And on that point I will have to agree with you. Weather one likes it or not the law is the law, which is one reason I don’t use illegal substances, as I do believe in the rule of law, but certainly not the primary one. But even that being true, that does not mean that when one sees that the law is wrong, and in fact does more harm than it does good, that one should not speak up against it.

And I am aware of the other two criteria but didn’t think them really worthy of mention since their primary function is more verbose language to support the first criteria.

” Alcohol does have "accepted medical use in treatment in the United States", so it would not be listed as a Schedule I drug, if it were illegal, which it is not.”

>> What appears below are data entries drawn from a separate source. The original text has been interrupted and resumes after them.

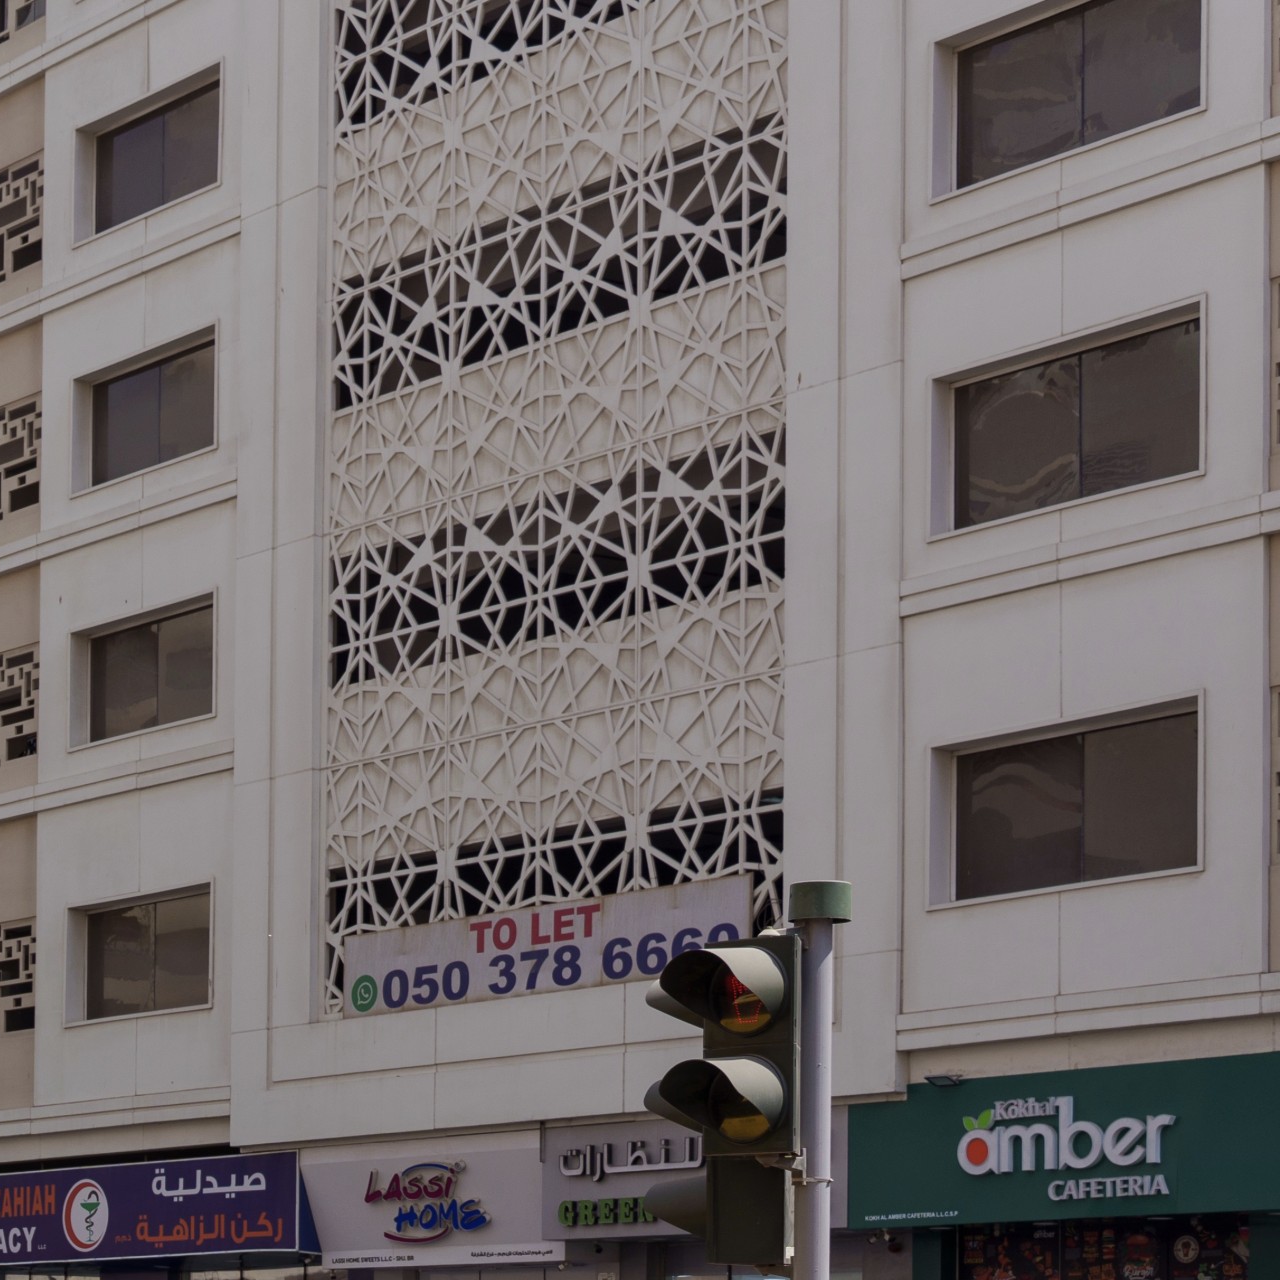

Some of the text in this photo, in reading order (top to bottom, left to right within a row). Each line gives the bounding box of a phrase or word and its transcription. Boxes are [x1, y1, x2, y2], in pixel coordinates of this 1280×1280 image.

[470, 904, 601, 954] TO LET
[382, 960, 470, 1009] 050
[488, 944, 582, 995] 378
[957, 1096, 1176, 1176] amber
[152, 1168, 266, 1202] صيدلية
[1047, 1175, 1170, 1201] CAFETERIA
[136, 1214, 225, 1248] الزاهية
[231, 1211, 284, 1246] ركن
[394, 1198, 491, 1232] HOME

A hundred years ago that would be true but I don’t believe that alcohol is being widely used these days for medicinal purposes. Outside of the base for some products, i.e. mouthwash, Nyquil, and as a cleansing agent, I have not recently heard of any doctors using Jack Daniels, or more appropriately Everclear, as an anesthetic. But even if it does have current day medicinal uses, does that mean that the government was willing to sacrifice the well being of it’s citizens, in it’s zeal to stamp out moral corruption during the years of prohibition? Would not the medicinal uses of alcohol been more pertinent in the 20’s than it is today? And while we are in the area, why did the government have to pass a Constitutional amendment to prohibit alcohol but can today make certain drugs illegal by simple legislative action? Did something change in the Constitution between then and now?

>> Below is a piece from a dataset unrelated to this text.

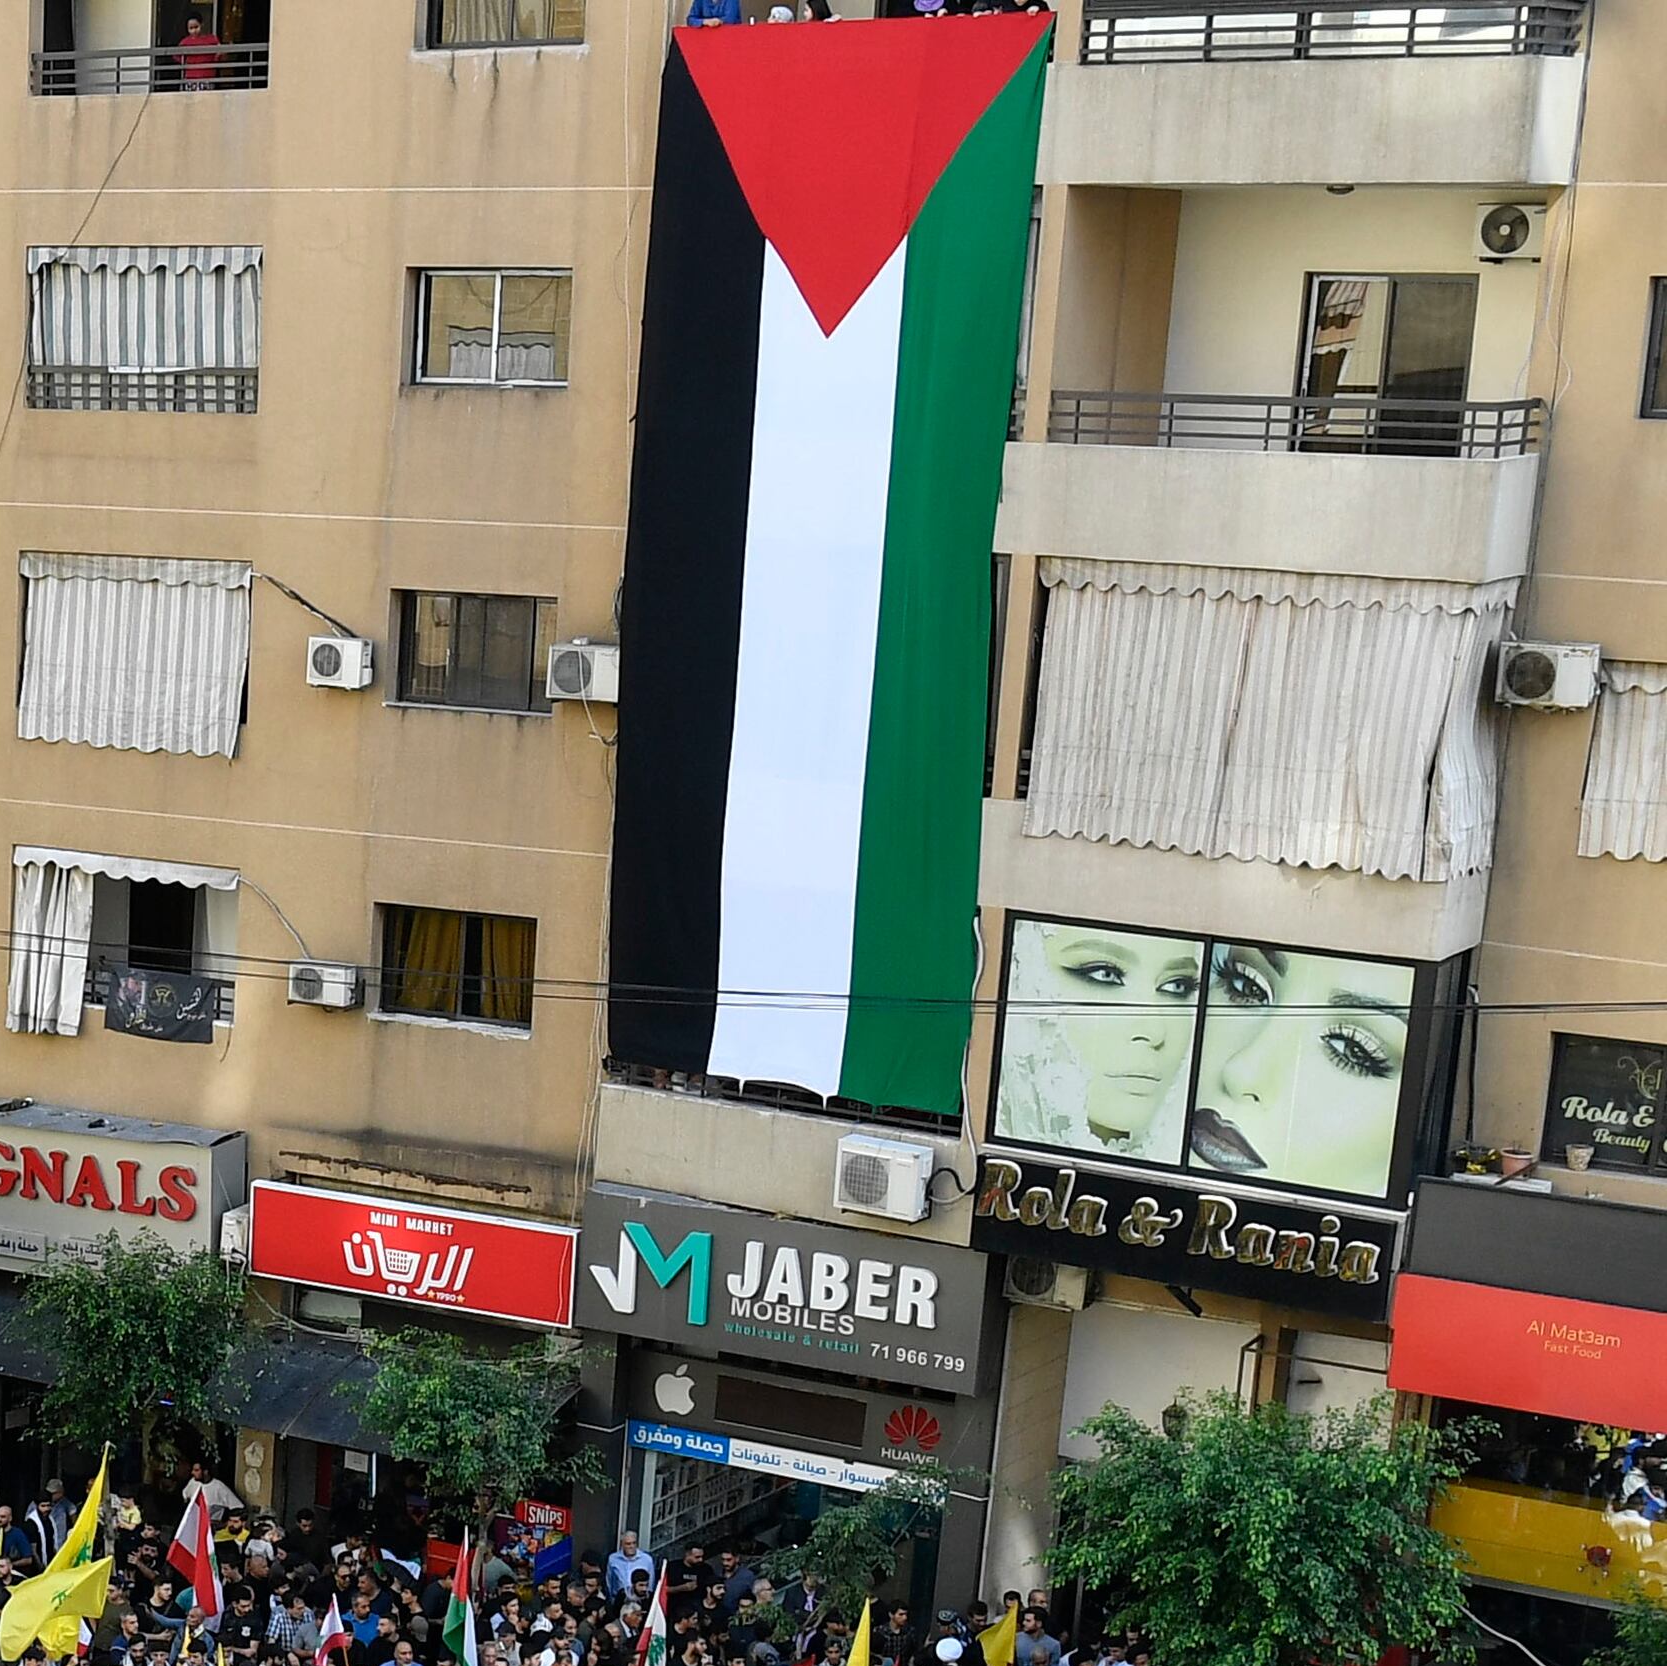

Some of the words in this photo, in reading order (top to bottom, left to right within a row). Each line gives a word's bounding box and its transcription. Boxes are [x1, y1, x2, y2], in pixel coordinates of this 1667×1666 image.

"if marijuana is found to have some medical benefit, it would be rescheduled to a II, III, IV, or V drug. It's there mainly because of the "no medical use" designation."

Or more specifically, it is there because the government has determined that it has no medical benefit, there are many in the medical community who would disagree. And giving the choice between what a doctor thinks is a substance medical value, and what a bureaucrat thinks it is, I would have to place more weight on the doctors opinion. But I have not spent a lot of time following the medical marijuana position in that it is somewhat disingenuous as it is an approach that recognizes the governments right to prohibit marijuana in the first place. A right I don’t believe the government has.

But to get back to the subject at hand to say that the parents in the article engaged in child endangerment by having marijuana in the house is a liberal position if I ever heard one. If one accepts that as being true, because that child might have been done some harm by coming in contact with the marijuana, although in the case as presented no harm actually came to anyone, then one would have to agree that having a loaded firearm in the house, for personal protection, is clearly subjecting the child to possible harm. I mean after all the only function that a firearm has is to kill, if the child were to somehow acquire the weapon it’s hard telling how many people could be harmed. And don’t think that the gun grabbers are above using that as an argument. No I think the true endangerment to the child here is that they could become a ward of the state. I can think of a no worse fate.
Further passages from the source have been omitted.